From the first line to the last, copy the data exactly and drop the pictures.

------------

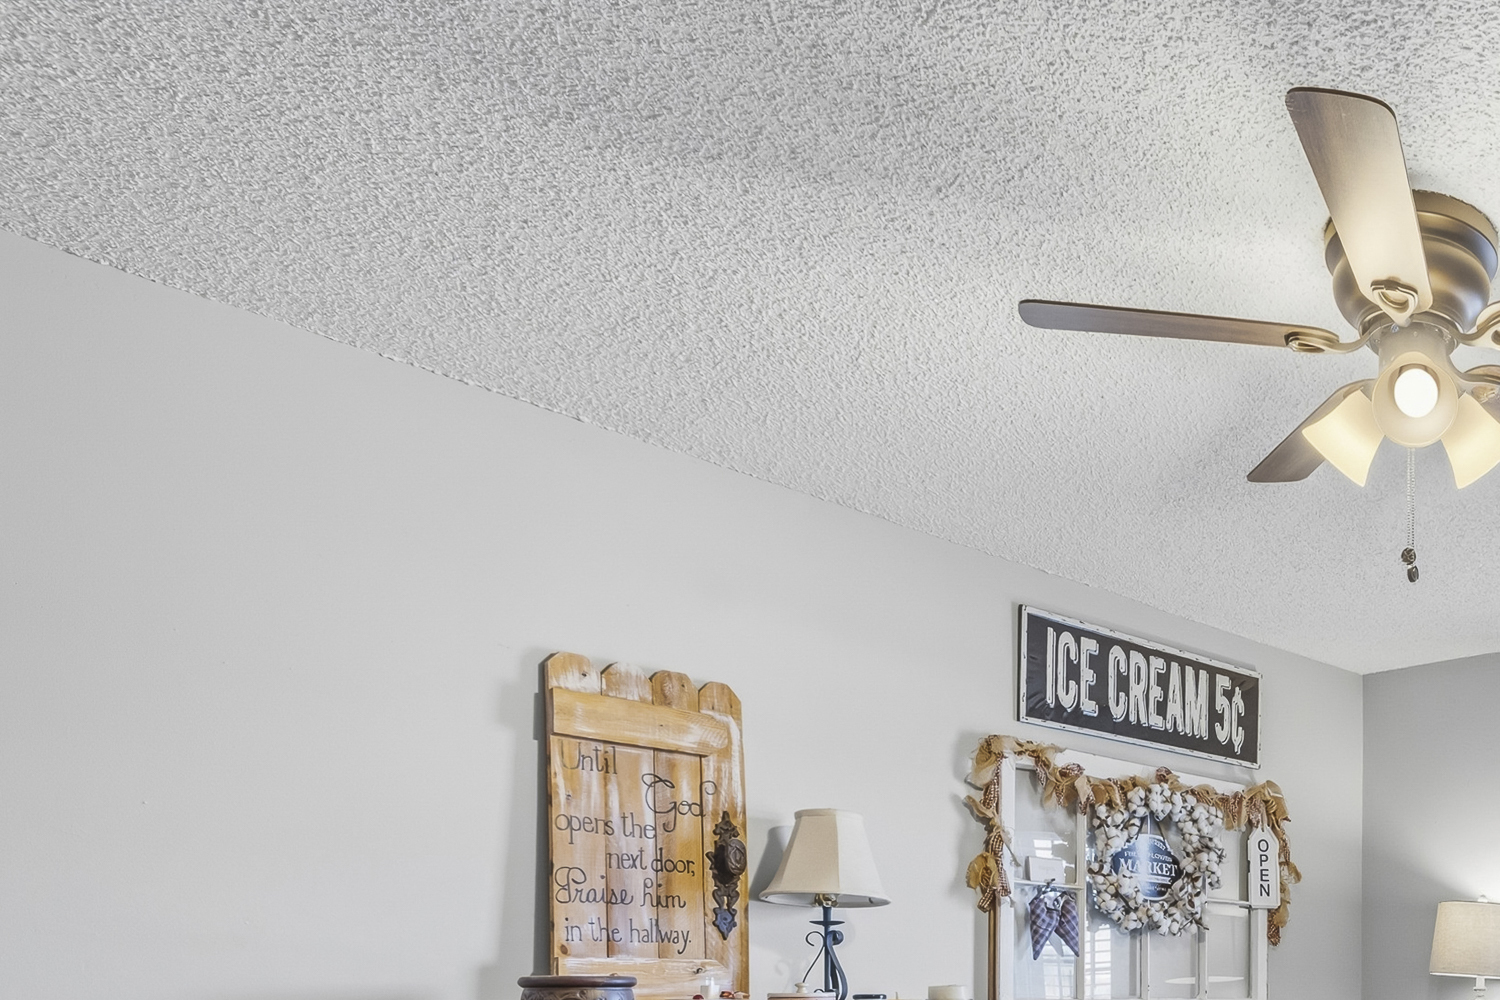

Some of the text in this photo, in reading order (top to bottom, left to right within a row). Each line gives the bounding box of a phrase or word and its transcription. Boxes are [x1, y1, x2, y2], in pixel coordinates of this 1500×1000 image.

[1046, 627, 1245, 755] ICE CREAM 5¢
[560, 739, 618, 775] Until
[641, 773, 717, 833] God
[555, 812, 657, 844] opens the
[607, 847, 696, 877] next door,
[1119, 858, 1177, 877] MARKET
[1257, 838, 1271, 897] OPEN
[555, 866, 687, 909] Praise him
[565, 917, 692, 955] in the hallway.
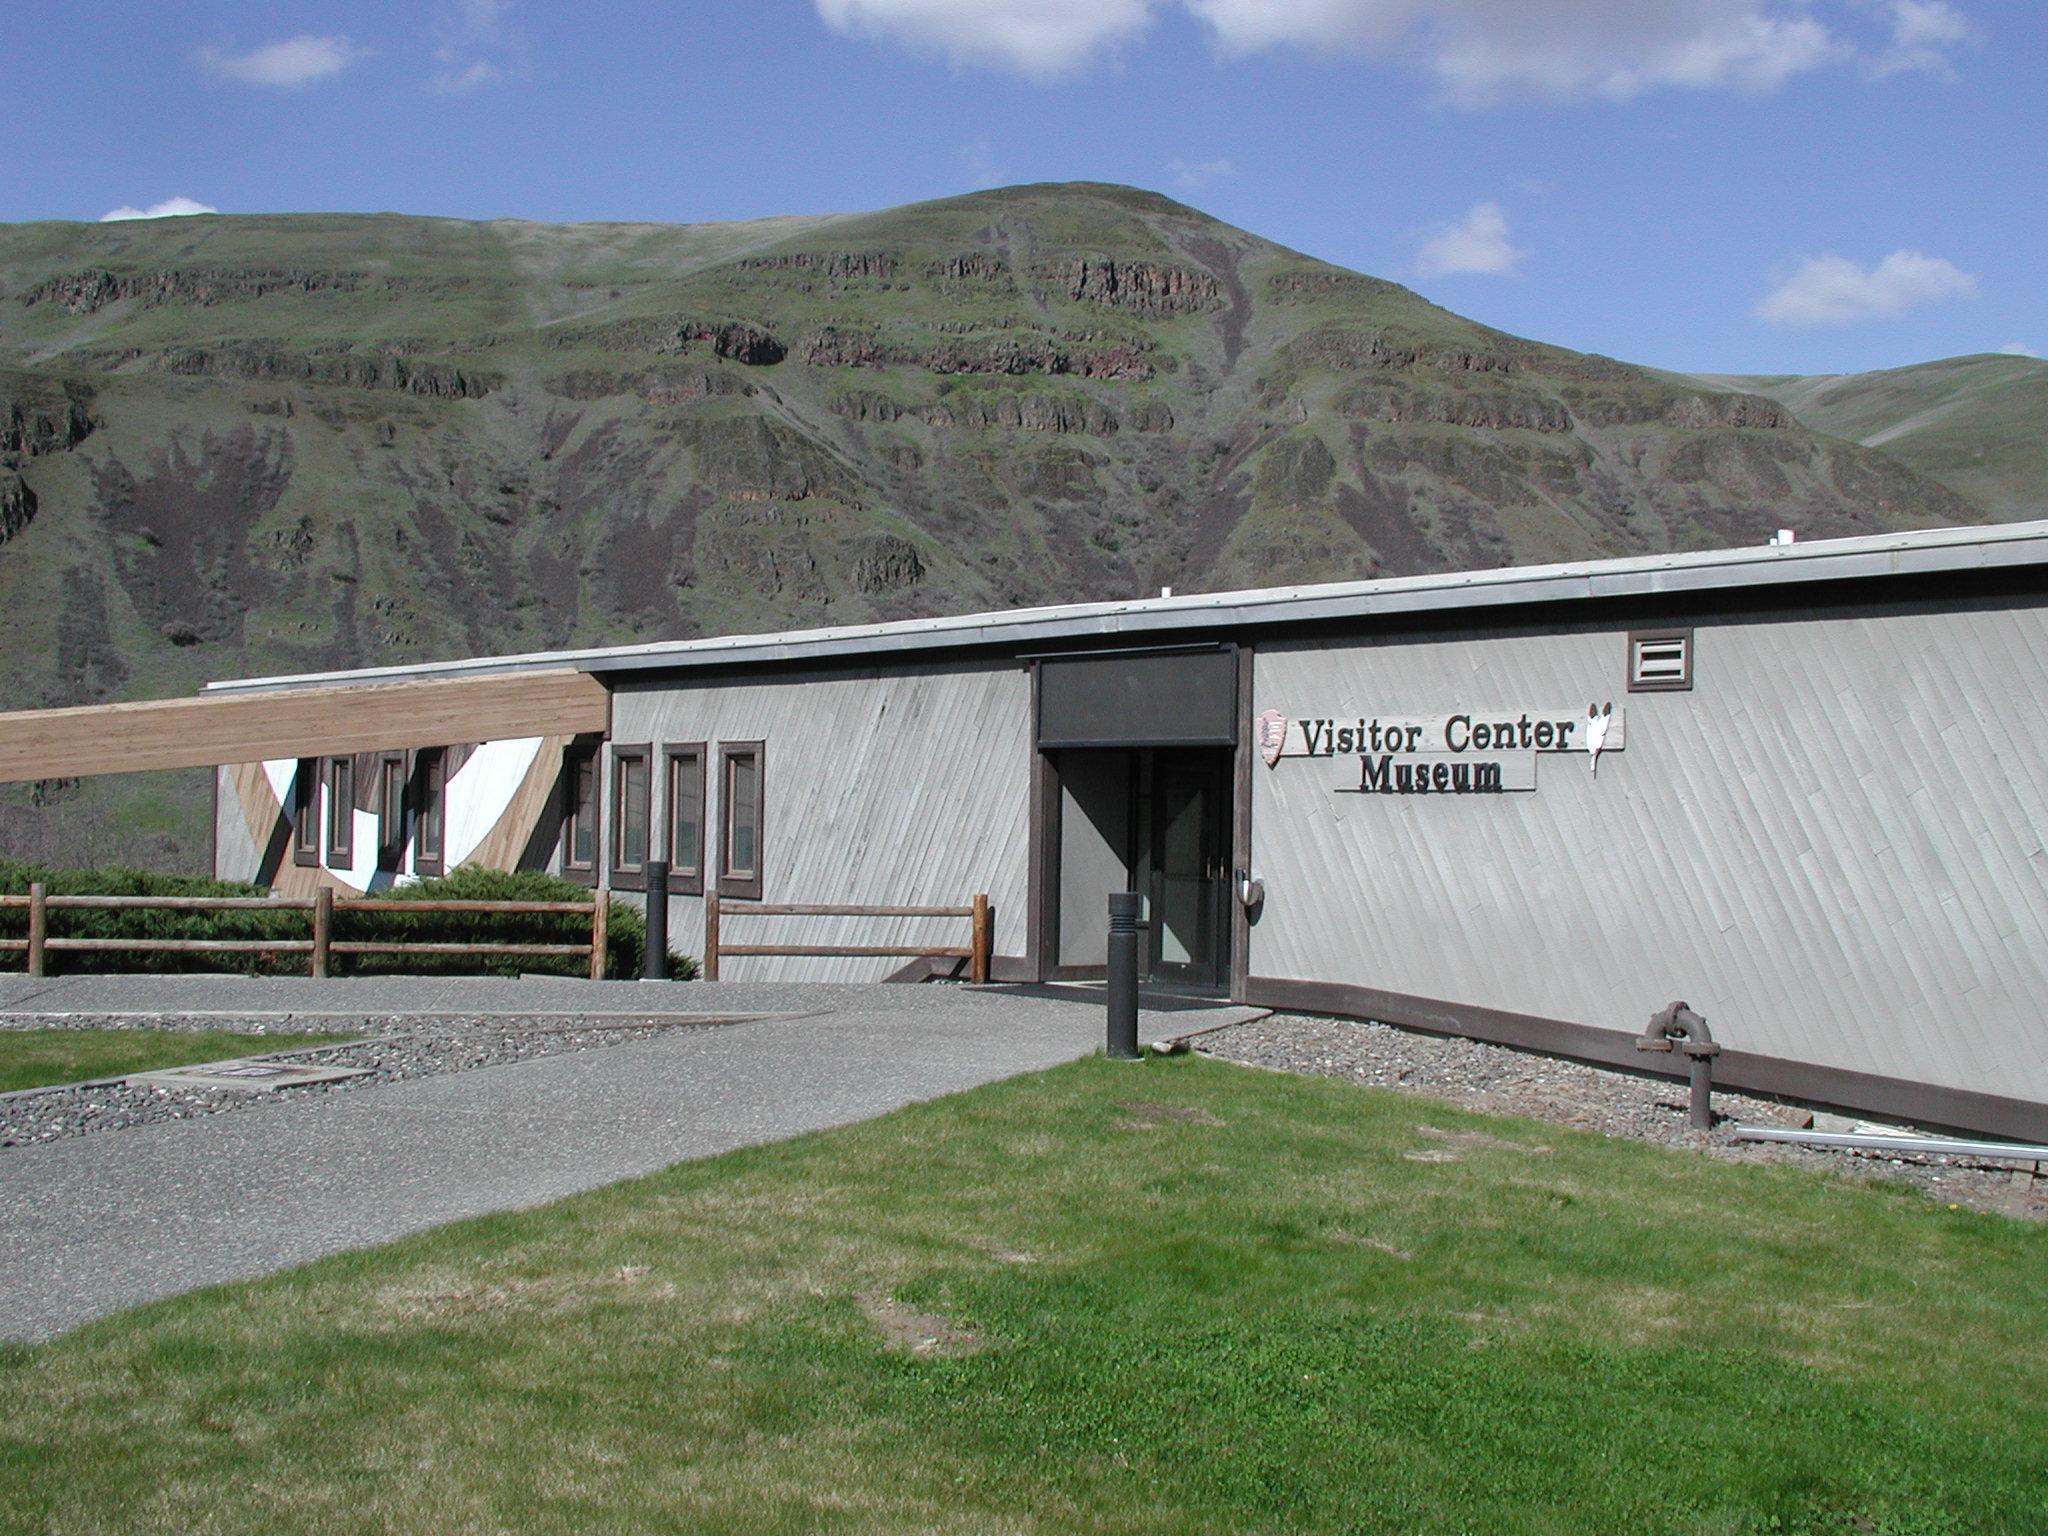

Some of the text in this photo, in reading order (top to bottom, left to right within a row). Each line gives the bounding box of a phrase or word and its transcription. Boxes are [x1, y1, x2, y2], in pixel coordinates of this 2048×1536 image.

[1298, 718, 1422, 757] Visitor
[1445, 714, 1574, 752] Center
[1359, 754, 1502, 794] Museum
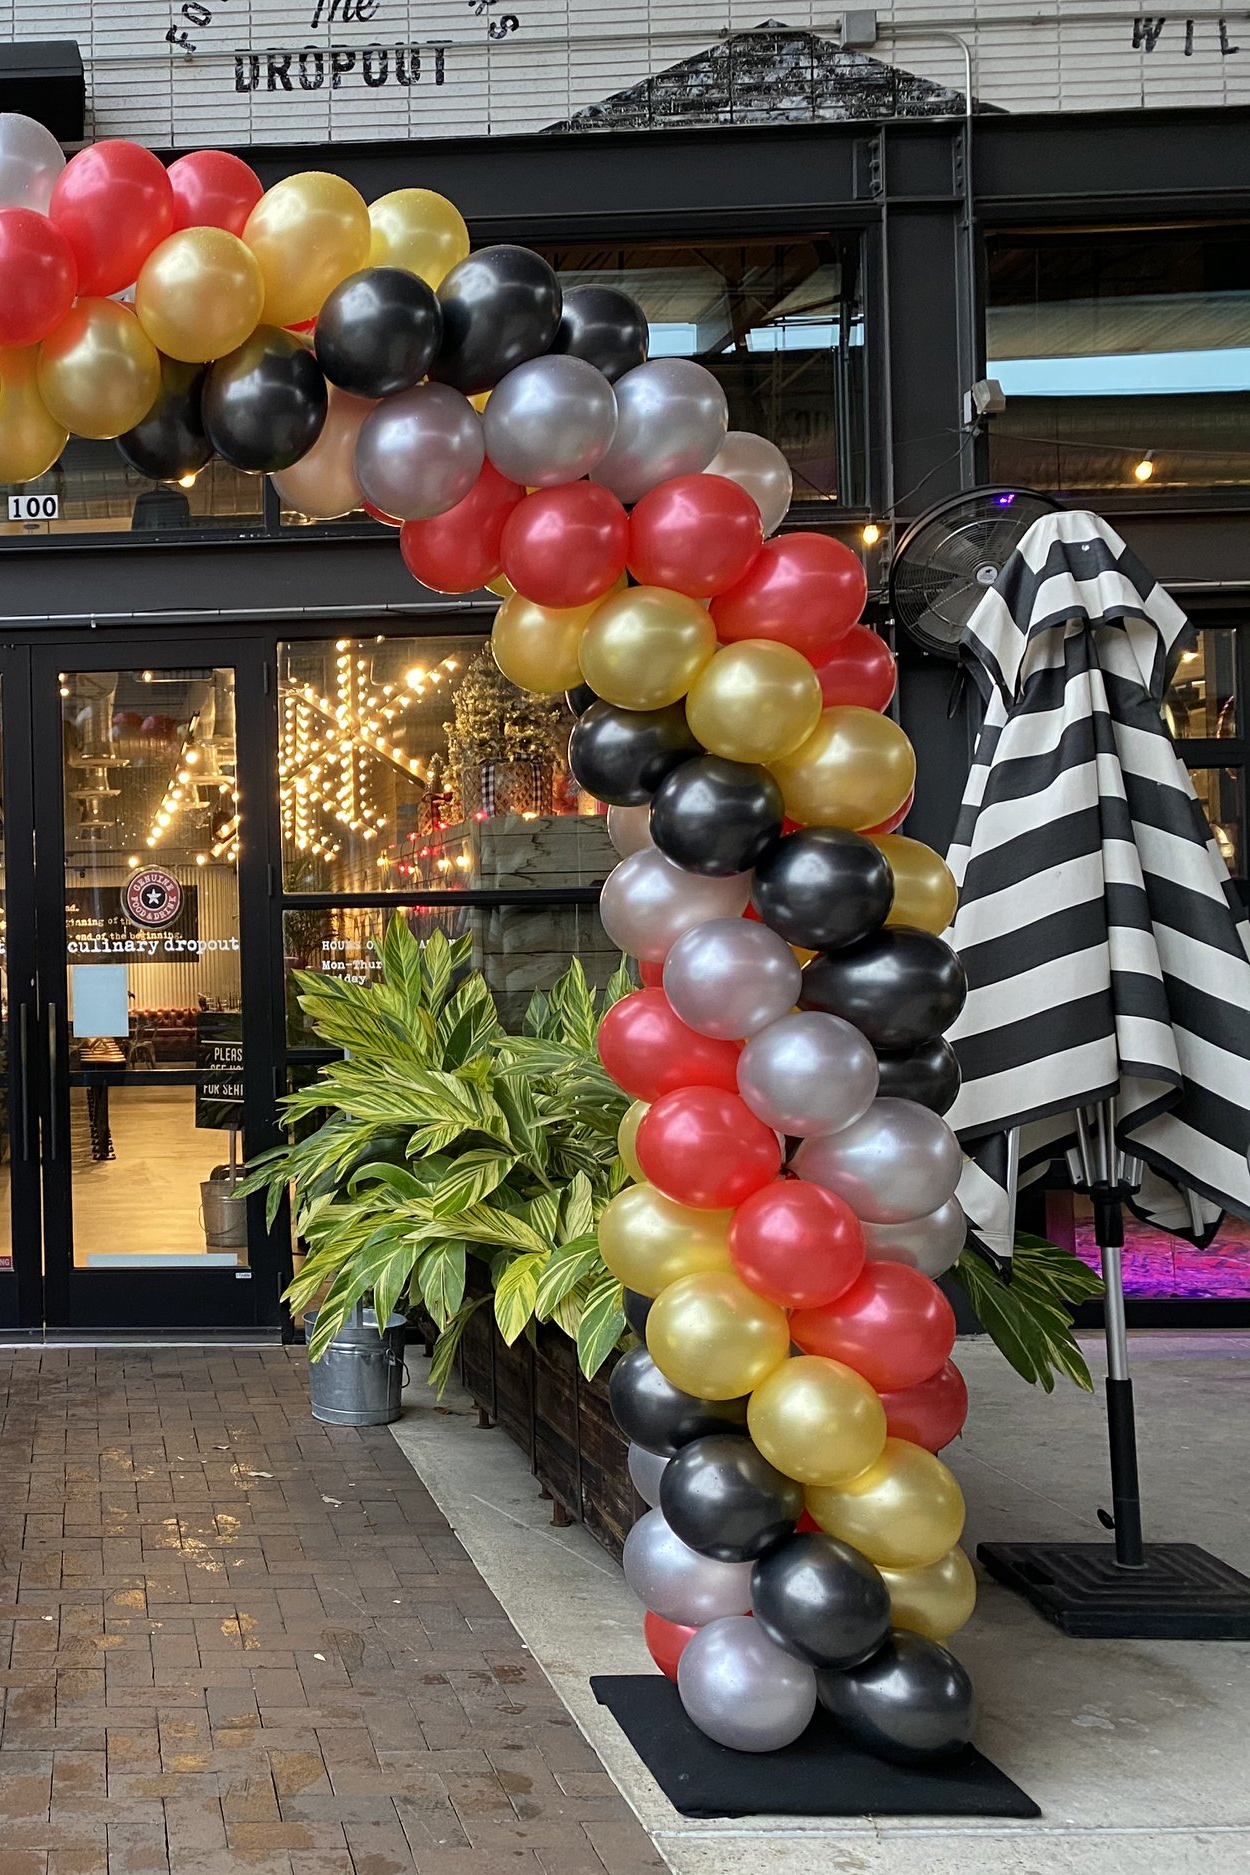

------------

• **Answer below**:
Some of the text in this photo, in reading order (top to bottom, left to right within a row). Each line gives the bounding box of a phrase or word and its transcription. Boxes are [x1, y1, x2, y2], in pixel coordinates of this 1500×1000 image.

[1046, 627, 1245, 755] ICE CREAM 5¢
[560, 739, 618, 775] Until
[641, 773, 717, 833] God
[555, 812, 657, 844] opens the
[607, 847, 696, 877] next door,
[1119, 858, 1177, 877] MARKET
[1257, 838, 1271, 897] OPEN
[555, 866, 687, 909] Praise him
[565, 917, 692, 955] in the hallway.

Some of the text in this photo, in reading order (top to bottom, left to right within a row). Each line gives the bounding box of a phrase or word and its transcription. Boxes are [x1, y1, x2, y2], in pixel coordinates of this 2048×1536 image.

[1298, 718, 1422, 757] Visitor
[1445, 714, 1574, 752] Center
[1359, 754, 1502, 794] Museum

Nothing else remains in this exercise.